Las tierras de nadie

Metafóricamente decir que un lugar es tierra de nadie es hacer referencia a una situación caótica o anárquica, como por ejemplo, un país en guerra civil o un territorio en crisis. Sin embargo, en la historia moderna, hubo un territorio que, literalmente, fue tierra de nadie. No porque se encontrara en caos, de hecho era un lugar muy pacífico, sino porque no formaba parte de ningún país, administración o estado.

Las últimas tierras de nadie: este artículo habla específicamente sobre Moresnet, si deseas ver un artículo en el cual se listan las últimas tierras de nadie que quedan en todo el mundo (las cuales se cuentan con los dedos de una mano) sigue este enlace: Las tierras que no pertenecen a ningún país.

Moresnet

Mapa del polígono que conformaba a Moresnet.
Mapa del polígono que conformaba a Moresnet. Esta tierra de nadie fue creada tras el Congreso de Viena de 1815.

El mismo, era un territorio de solo 3,5 Km2 que se hallaba a 7 kilómetros del punto donde, en la actualidad, se juntan las fronteras de Alemania, Bélgica y los Países bajos. Y a causa de las tensiones de éstos últimos, los Países Bajos, con Prusia, permanecería como un territorio neutral y sin dueño o jurisdicción definida por más de un siglo.

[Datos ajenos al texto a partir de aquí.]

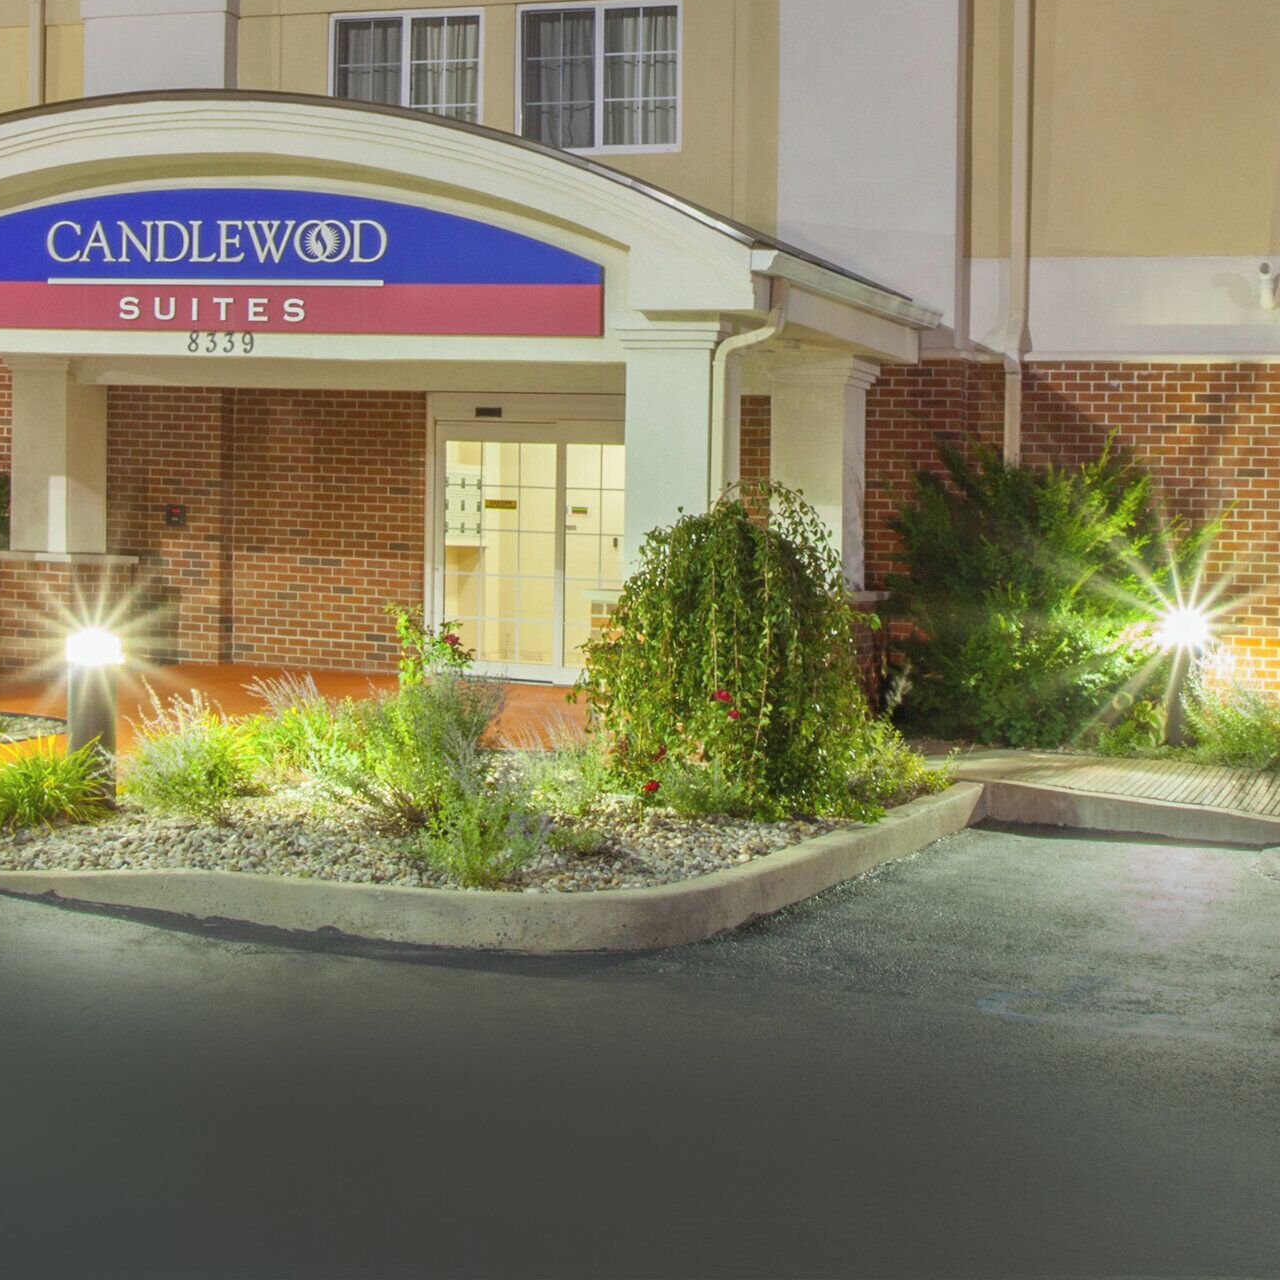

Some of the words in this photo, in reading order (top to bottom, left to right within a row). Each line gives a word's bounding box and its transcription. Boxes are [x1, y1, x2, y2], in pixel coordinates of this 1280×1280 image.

[46, 219, 387, 263] CANDLEWOOD
[119, 296, 306, 322] SUITES
[187, 331, 255, 354] 8339
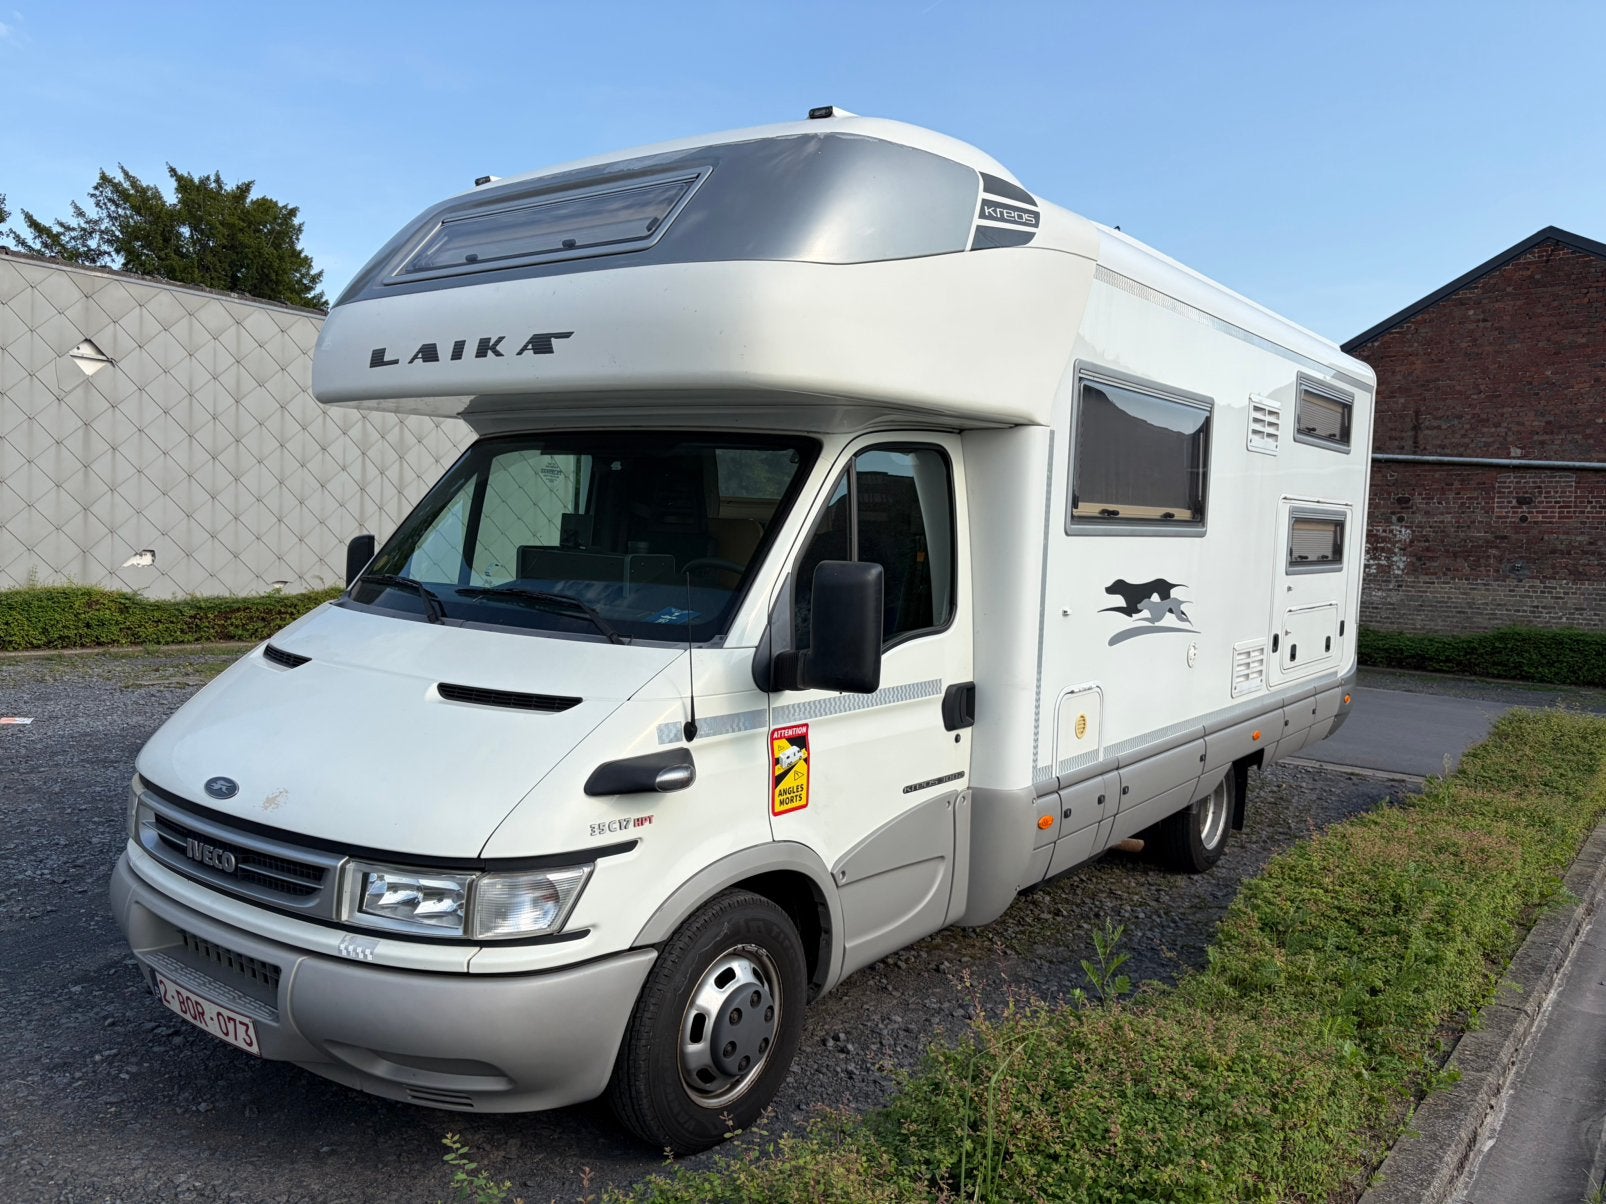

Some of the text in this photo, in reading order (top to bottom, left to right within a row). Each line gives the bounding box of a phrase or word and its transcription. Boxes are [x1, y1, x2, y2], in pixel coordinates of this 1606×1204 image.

[369, 331, 575, 369] LAIKA
[773, 725, 808, 739] ATTENTION
[778, 783, 804, 797] ANGLES
[779, 793, 803, 807] MORTS
[186, 838, 236, 873] IVECO

Su origen tuvo lugar tras el Congreso de Viena de 1815 cuando, a causa de las interminables guerras de finales del siglo XVIII, el mapa europeo se vio fuertemente redistribuido. De estas contiendas la más feroz tuvo lugar entre Prusia y Holanda, y si bien durante el congreso se acordó con bastante celeridad el trazado de una nueva frontera para así alcanzar la paz, una pequeña región ubicada en Moresnet, la cual contaba con una mina de zinc en la zona de Vieille Montagne, causó tal fricción entre ambos poderes que el tratado de paz fue puesto en peligro. Por fortuna, una rápida resolución tuvo lugar cuando ambos decidieron que ninguno de los dos se quedaría con la pequeña región en disputa.

Gracias a esta resolución, entonces, la mina pasó a formar parte de un territorio neutral sin dueño alguno. Si bien en un principio fue administrado por enviados de ambos reinos, a los pocos años, el territorio formó su propio pequeño gobierno dando así origen a una tierra de nadie sin dueño estatal alguno.

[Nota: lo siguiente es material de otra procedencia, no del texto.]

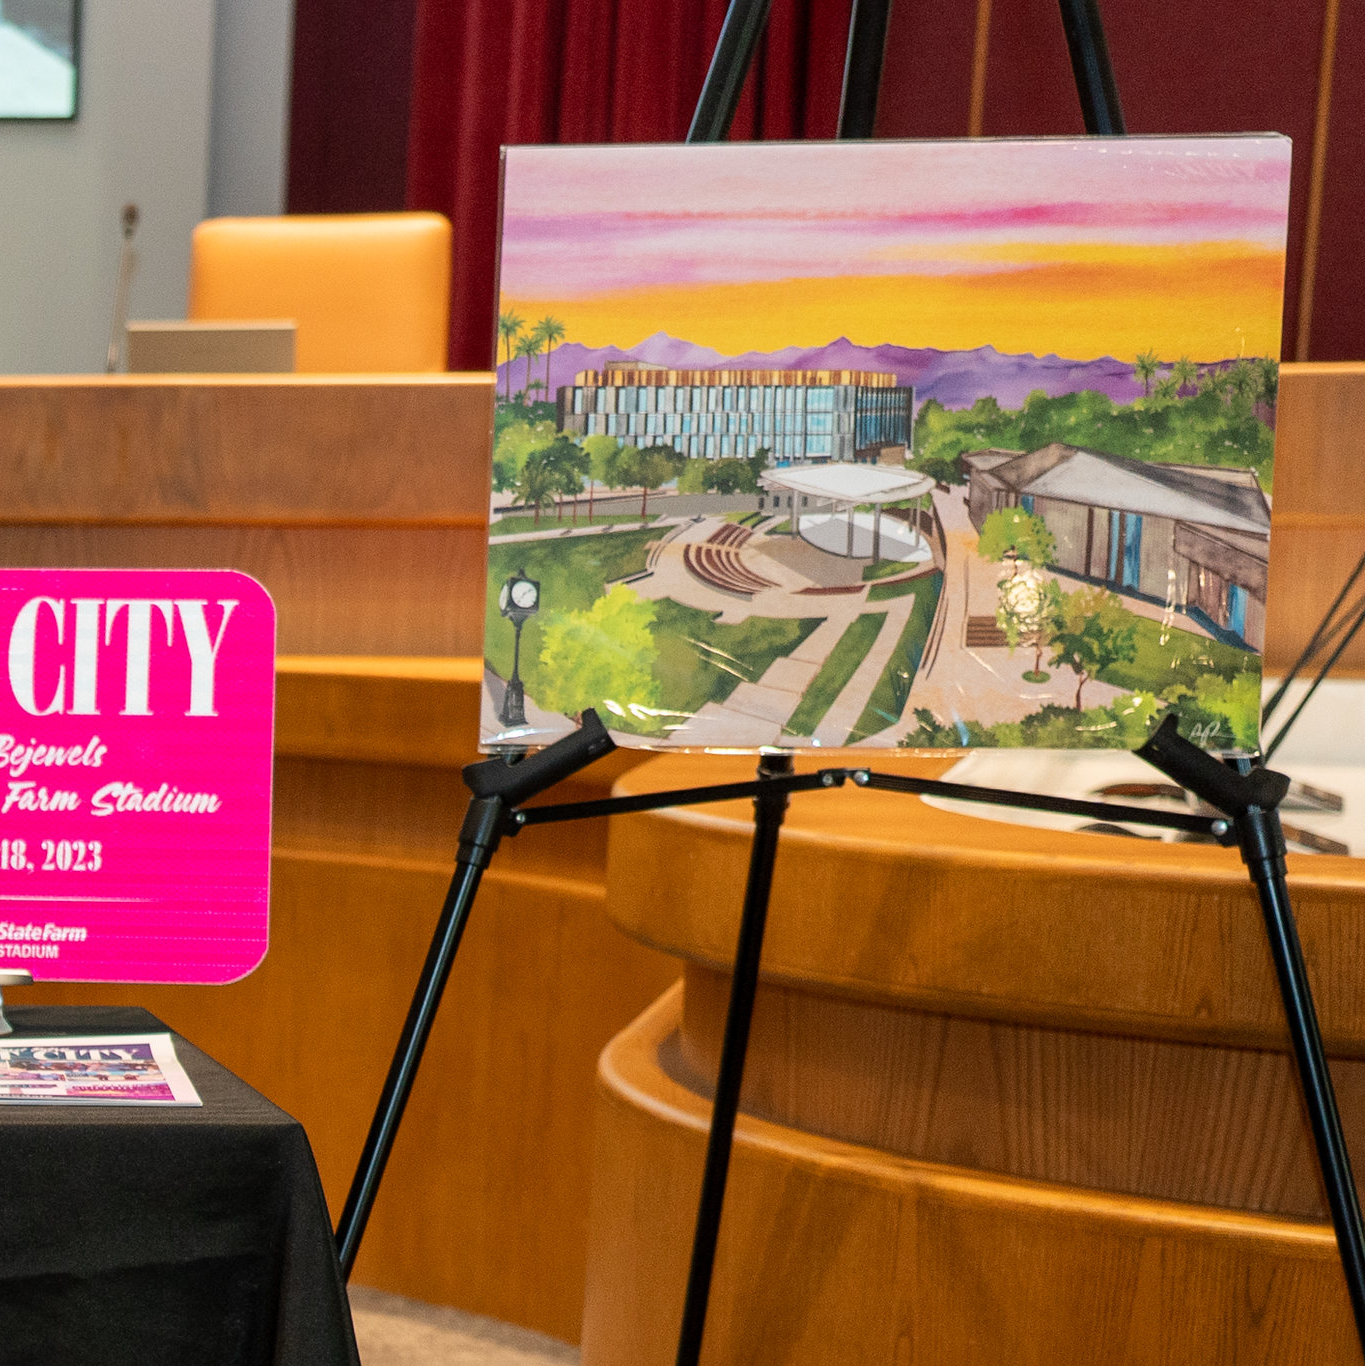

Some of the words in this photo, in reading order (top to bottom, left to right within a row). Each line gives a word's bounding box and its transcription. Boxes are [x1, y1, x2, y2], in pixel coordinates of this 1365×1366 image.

[7, 595, 240, 717] CITY
[1, 781, 81, 814] Farm
[90, 781, 222, 817] Stadium
[41, 839, 103, 872] 2023
[33, 1048, 141, 1061] CITY

Nota: en el mapa anterior vemos como esta tierra de nadie formaba básicamente un polígono, esto se debió al hecho que durante su trazado se intentó asignar a la misma la menor cantidad de tierra posible.

Tierras incógnitas: si bien las tierras de nadie son tierras que no pertenecen a ningún país ya que nadie las quiere o simplemente debido a acuerdos geopolíticos del pasado, en el campo de la geografía y la mitología también existen un tipo de tierras denominadas bajo el nombre de tierras incógnita. Es decir, tierras de las cuales nadie sabe su existencia y ubicación a ciencia cierta: Las tierras incógnita.

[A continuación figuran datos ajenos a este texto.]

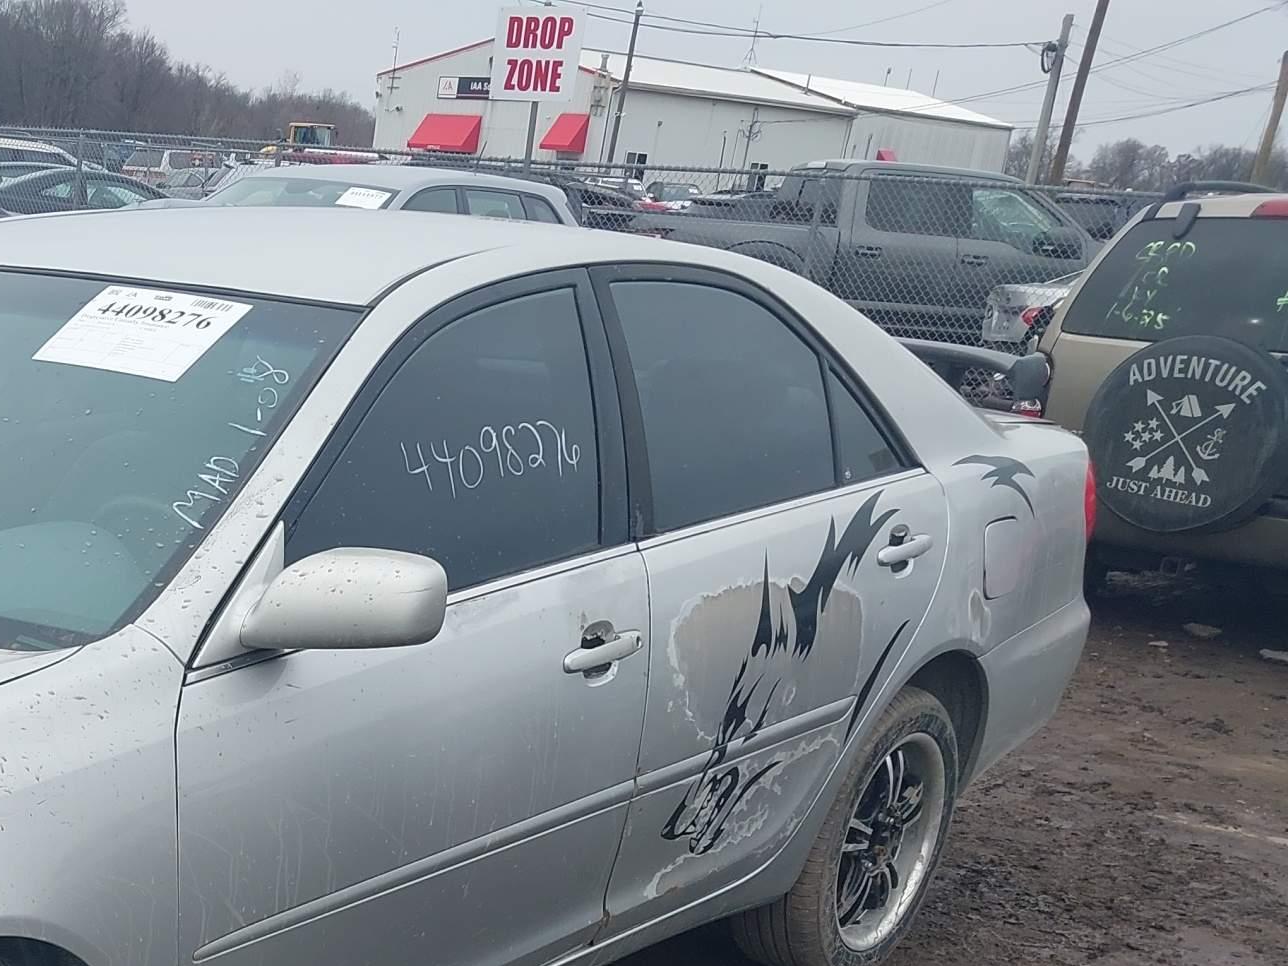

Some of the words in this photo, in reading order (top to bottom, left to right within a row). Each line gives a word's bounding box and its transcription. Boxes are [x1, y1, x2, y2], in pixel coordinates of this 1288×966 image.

[506, 16, 574, 49] DROP
[470, 81, 482, 91] IAA
[503, 59, 564, 92] ZONE
[97, 301, 217, 330] 44098276
[1128, 355, 1267, 404] ADVENTURE
[400, 420, 580, 499] 44098276
[172, 456, 240, 529] MAD
[1106, 476, 1149, 495] JUST
[1150, 485, 1212, 508] AHEAD

Sin embargo, al ser completamente neutral y no poseer jurisdicción infinidad de problemas surgirían a la hora de recaudar los impuestos y hacer cumplir las «leyes», que de hecho no las tenían y utilizaban las de los Países Bajos o Prusia según conveniencia. Prontamente el lugar se convirtió en un paraíso fiscal ya que tampoco se podían aplicar tarifas de importación y su pequeña población de 3000, aunque enorme para la época en base al territorio, prontamente gozó de un excelente bienestar económico.

Oficiales de aduana alemanes, holandeses y belgas en el "Punto de los cuatro países".
Oficiales de aduana prusianos, holandeses y belgas en el «Punto de los cuatro países».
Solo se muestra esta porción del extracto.